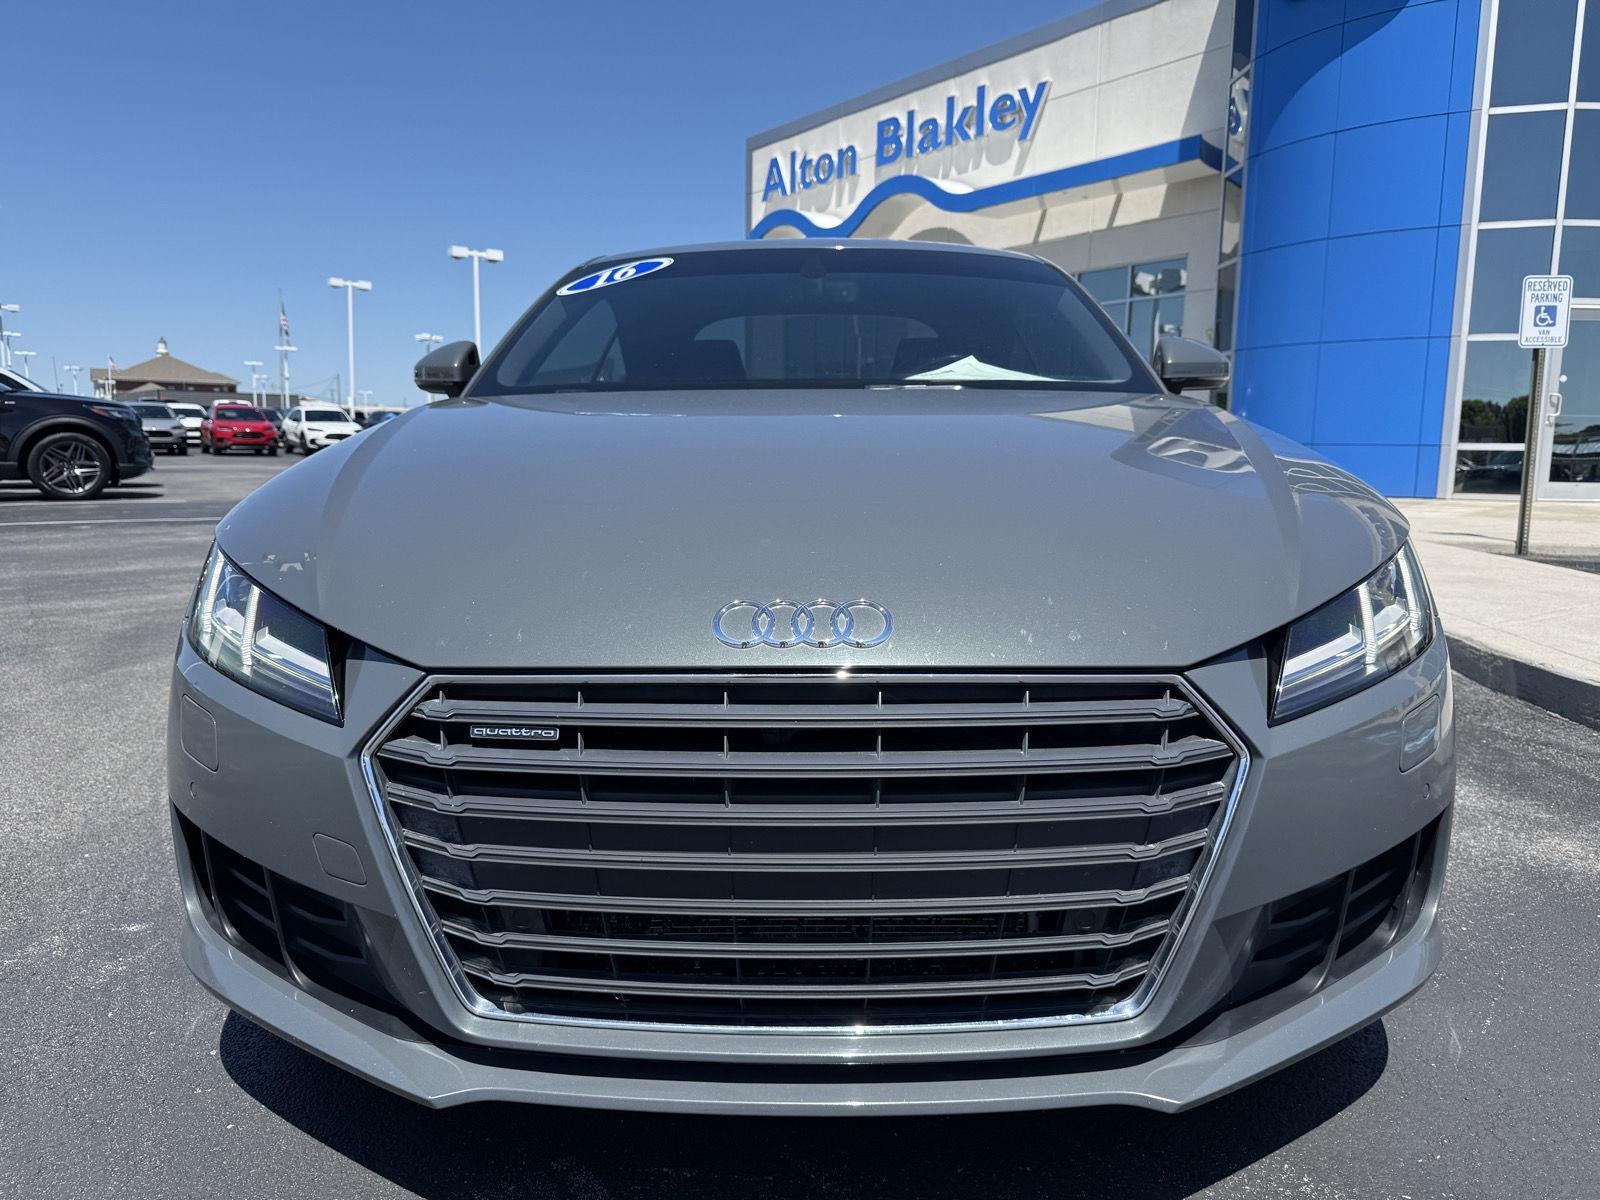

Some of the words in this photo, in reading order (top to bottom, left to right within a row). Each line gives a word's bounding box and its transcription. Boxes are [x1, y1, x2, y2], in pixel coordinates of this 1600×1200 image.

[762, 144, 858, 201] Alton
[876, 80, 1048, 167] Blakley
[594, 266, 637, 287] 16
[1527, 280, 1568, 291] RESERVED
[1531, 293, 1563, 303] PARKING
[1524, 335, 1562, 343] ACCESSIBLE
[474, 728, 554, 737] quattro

What the task asks
Transcribe the listing above exactly, leaving every picture out.

Result
Some of the words in this photo, in reading order (top to bottom, left to right within a row). Each line gives a word's bounding box and its transcription. Boxes are [x1, y1, x2, y2], in pixel coordinates of this 1600×1200 image.

[762, 144, 858, 201] Alton
[876, 80, 1048, 167] Blakley
[594, 266, 637, 287] 16
[1527, 280, 1568, 291] RESERVED
[1531, 293, 1563, 303] PARKING
[1524, 335, 1562, 343] ACCESSIBLE
[474, 728, 554, 737] quattro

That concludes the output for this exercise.